Öfkeyle kalkan zararla oturur biliyoruz. Peki, öfkeyle okuyan ve sonra da oturup öfkeyle yazan?

Hem de öfkelenecek öyle ortada pek bir şey de yokken. Öfkenizin nedeni ne ideolojik, ne de sınıfsal bir dertken. Tek ideolojiniz “Ay bunlara çok gıcık oluyorumizm” iken...

O da herhalde dünkü Hürriyet’te çıkan bir köşe yazısı gibi bir şey oluyor.

Büyük kafa avcısı Hürriyet, bir süre önce içindeki demokrat düşmanlığını ve Ergenekon-septik cevheri keşfedip onu kiralık olarak renklerine bağlamıştı.

Ortadoğu ve Kafkasların en mert anti-emperyalist yazarı ile Ortadoğu ve Balkanların en neo-con başlıklarını atmış gazetesini Türkiye’deki vahşi siyasi kutuplaşmadan başka hangi güç biraraya getirebilirdi ki zaten?

Eh savaşın böyle yapıldığı yerde ele geçen her New York Times gazetesi de hiç okunmadan karşı tarafa fırlatılacak taş hükmündedir. Taş atan gelen taşlarla da ağlamaz.

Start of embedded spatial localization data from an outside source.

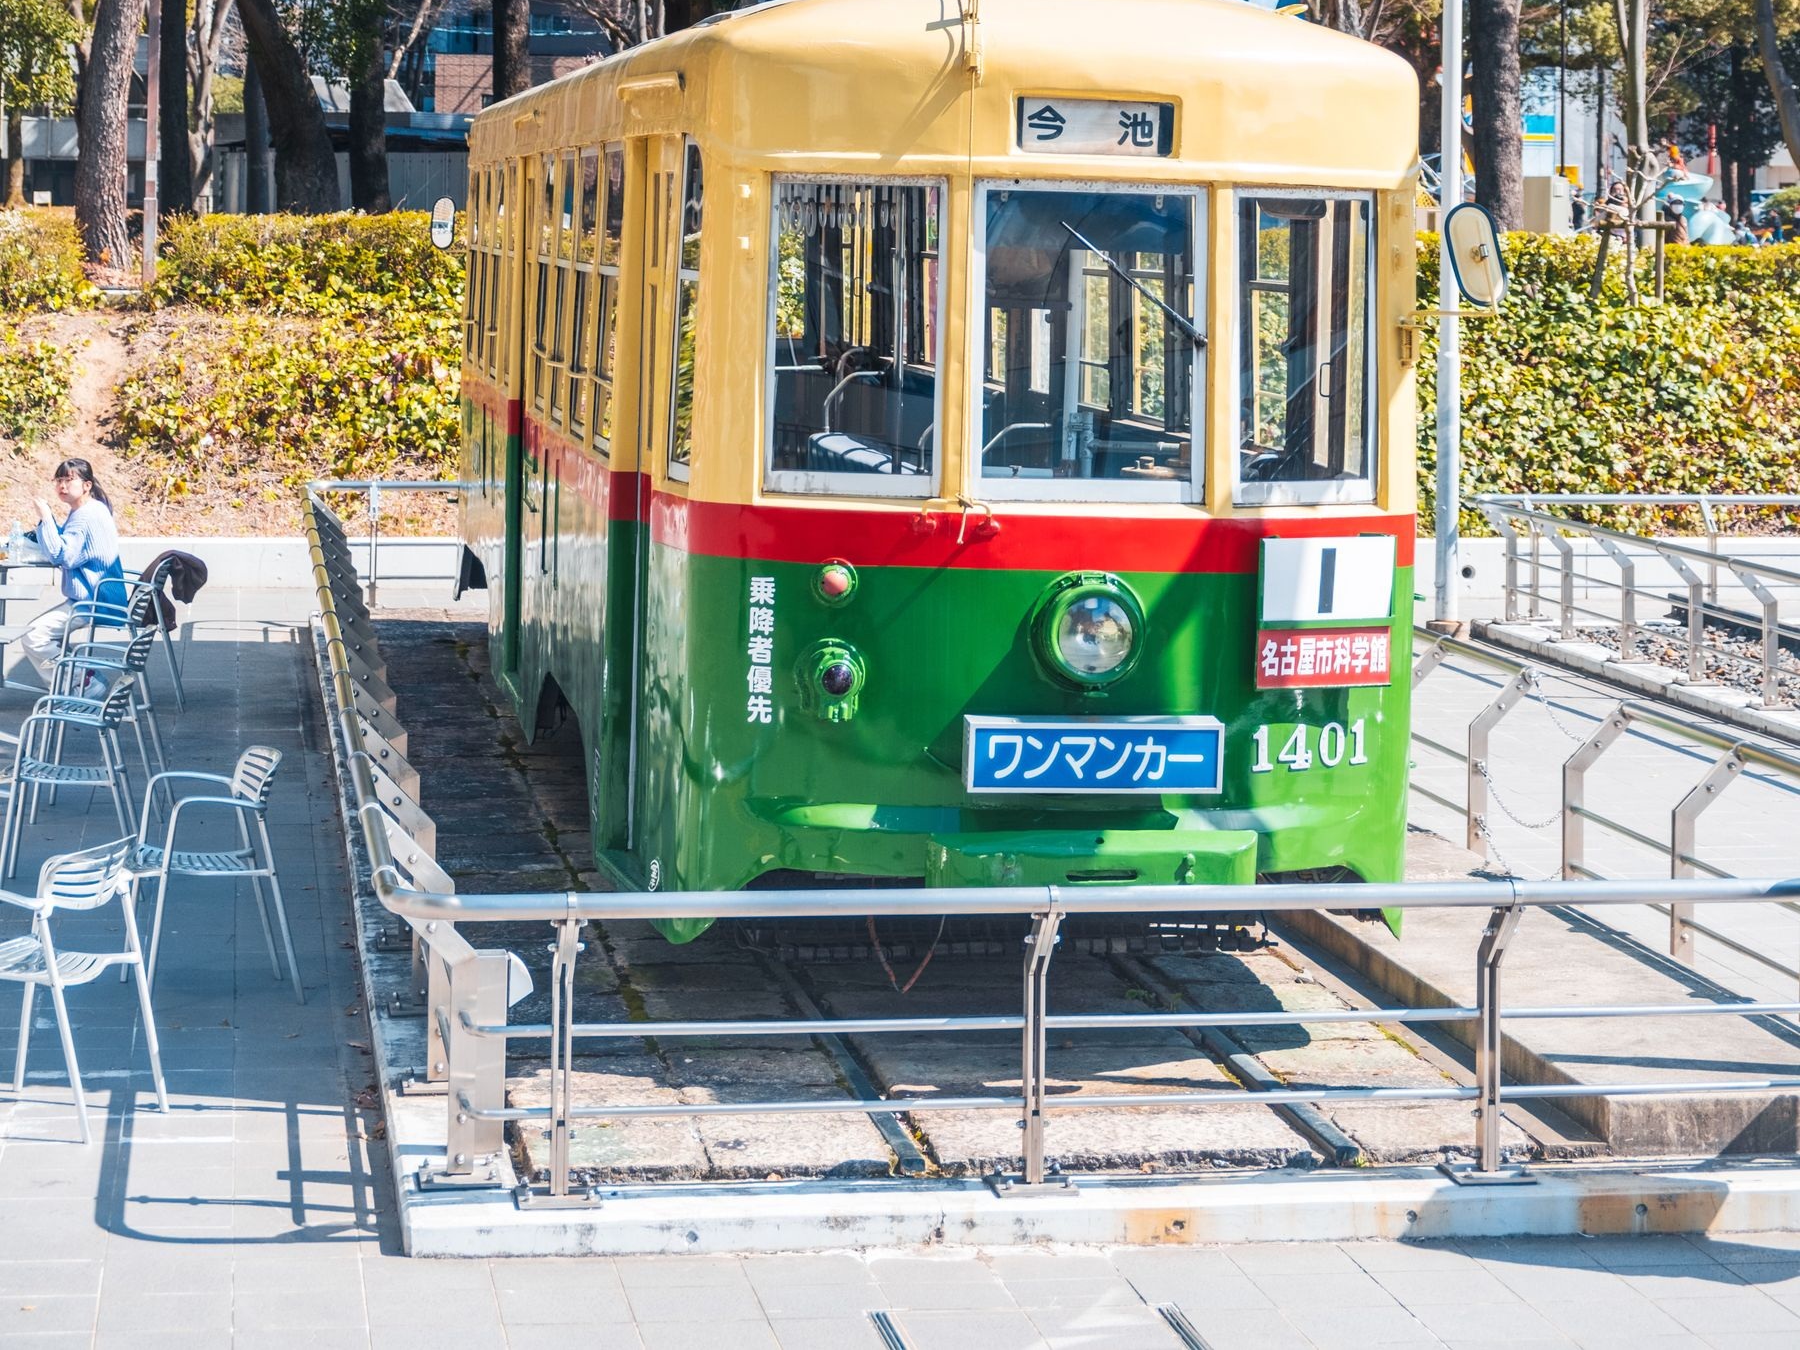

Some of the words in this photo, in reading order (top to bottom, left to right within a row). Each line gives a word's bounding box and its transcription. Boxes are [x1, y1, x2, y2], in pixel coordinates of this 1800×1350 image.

[1027, 104, 1154, 148] 今池
[747, 576, 776, 724] 乗降者優先
[1261, 635, 1388, 677] 名古屋市科学館
[988, 735, 1205, 782] ワンマンカー
[1251, 718, 1369, 773] 1401
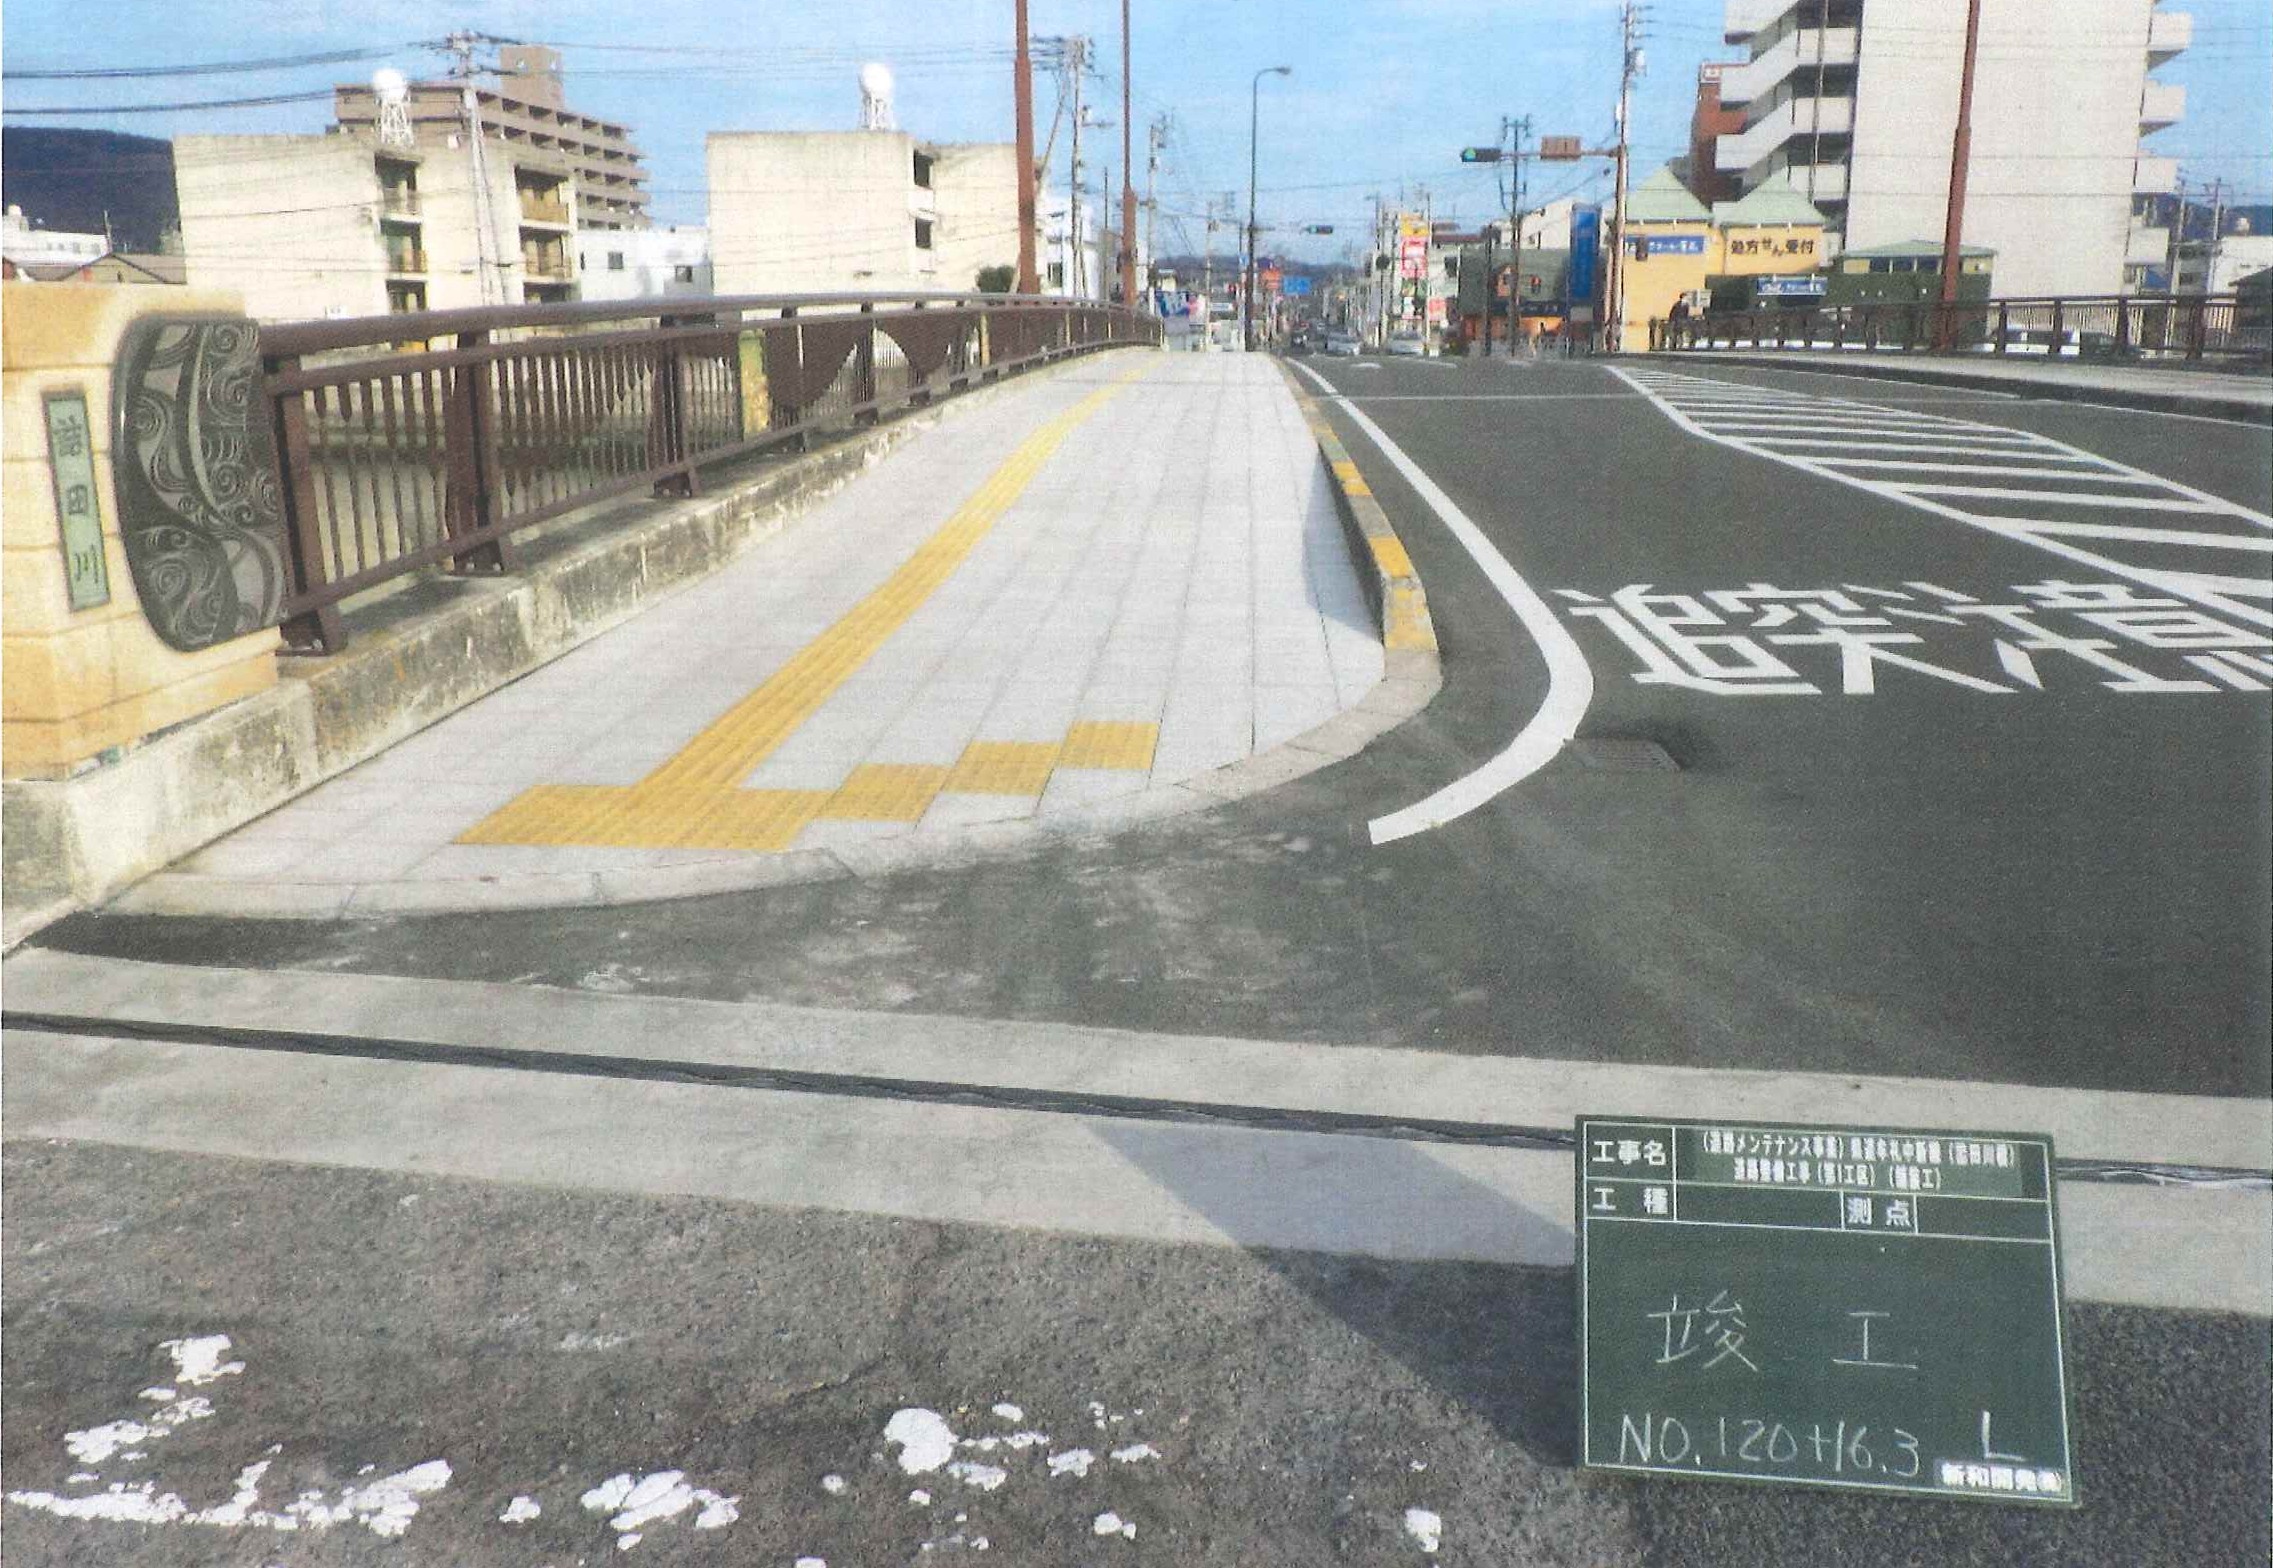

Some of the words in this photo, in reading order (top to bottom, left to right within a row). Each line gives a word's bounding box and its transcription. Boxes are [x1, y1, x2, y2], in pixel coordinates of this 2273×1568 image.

[1730, 236, 1815, 257] 処方せん受付
[1592, 1139, 1667, 1166] 工事名
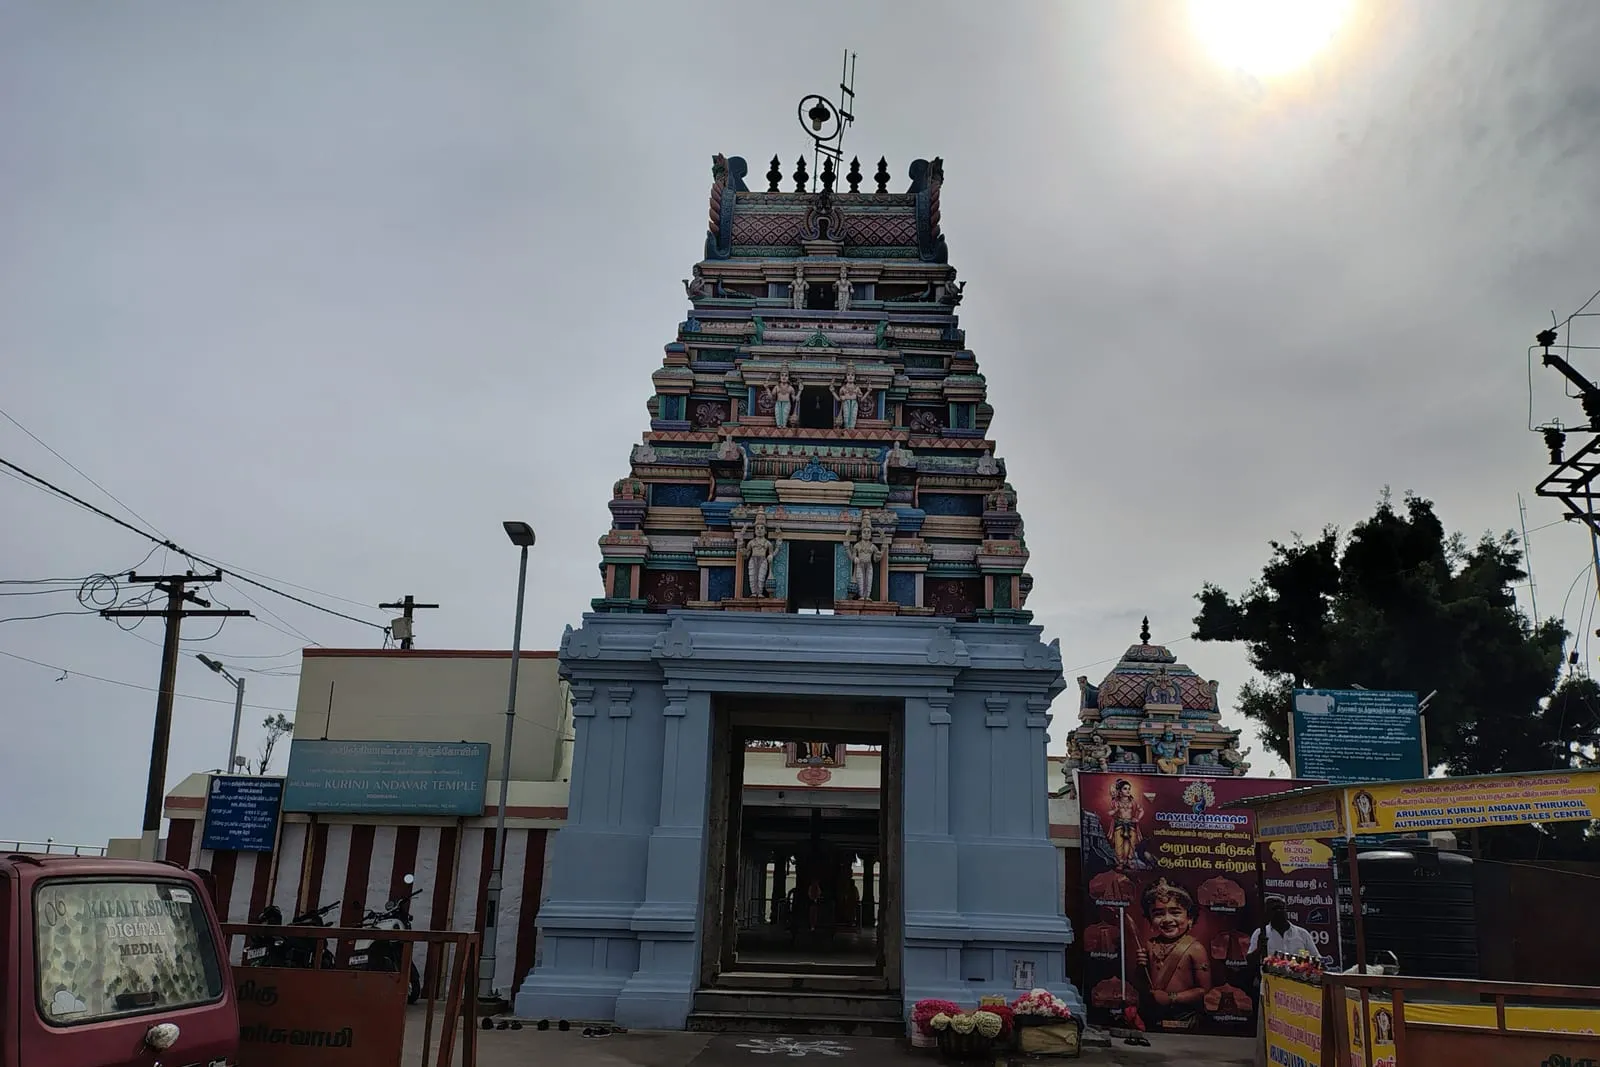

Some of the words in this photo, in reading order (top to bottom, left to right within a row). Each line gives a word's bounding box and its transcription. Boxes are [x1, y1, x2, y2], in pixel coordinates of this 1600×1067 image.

[324, 779, 369, 790] KURINJI
[374, 780, 428, 791] ANDAVAR
[431, 780, 478, 791] TEMPLE
[1396, 808, 1444, 818] ARULMIGU
[1446, 806, 1485, 815] KURINJI
[1487, 803, 1532, 812] ANDAVAR
[1156, 812, 1248, 824] MAYILVAHANAM
[1394, 817, 1454, 828] AUTHORIZED
[1456, 816, 1487, 825] POOJA
[1489, 813, 1519, 823] ITEMS
[1520, 811, 1551, 820] SALES
[1553, 808, 1592, 819] CENTRE
[1157, 856, 1212, 869] ஆன்மிக
[1289, 855, 1310, 863] 2025
[1265, 878, 1294, 888] வாகன
[1295, 878, 1317, 891] வசதி
[1287, 894, 1333, 906] தங்குமிடம்
[106, 921, 166, 938] DIGITAL
[118, 942, 163, 957] MEDIA

“Temiz Eller Savcısı’nın İbretlik Gazete İlanı” başlıklı söz konusu yazı, egosuna ve hafızasına fazla güvenen her köşe kadısı için ibretlik bir vesika olarak kesilip saklanacak cinsten.

Ama mesele bu da değil. Keşke bu kadarcık bir miyopluk olarak kalsaydı. Kalmamış. Zincirleme maddi hatalar reaksiyona girip siyaseten körlüğe yol açmış.

Ergenekon’a gıcık olup, çakma sporunun en unutulmaz ve en az doğru kullanılarak yazılmış şaheserlerinden biriyle karşı karşıyayız.

Yazı İtalya’daki Temiz Eller operasyonunun savcılığını yapmış, şimdilerde muhalif bir partinin genel başkanlığını yapan Di Pietro’nun New York Times’a bir ilan verip Berlusconi’yi “diktatörlüğe yürüyor” diye Batı’ya şikâyet etmesi üzerine.

Tabii oradan daha buralara gelinip, “geri zekâlıca” bir sivilleşme saplantısıyla malul demokratlarımız ve kimsede huzur diye bir şey bırakmayan “şu lanet olası” Ergenekon operasyonu dövülecek.

Her zamanki gibi “Bakın,” diyor yazar, “gelinen son noktada güya koskoca ‘İtalyan derin devletiyle’ mücadele vermiş olan ‘kahraman’ DiPietro’nun elinden bir şey gelmiyor. Çareyi gazeteye ilan verip, ‘uluslararası camiaya’ İtalya’ya baskı yapmaya çağırıyor.” (Bütün tırnaklar ona ait.)

Bu meselden saftirik demokratların çıkaracağı kıssadan hisse ise şu: “Sadece askerî vesayetle mücadele etmekle olmaz, demokrasileri tehdit eden sadece darbe ihtimali değildir.”

Ama “o kadar dil dökmesine” rağmen “Büyük Türk liberal ve demokratlarının çoğunun sivil otoriteryanizm tehlikesi konusunda titizlenmeye hiç niyeti yokmuş” hâlâ.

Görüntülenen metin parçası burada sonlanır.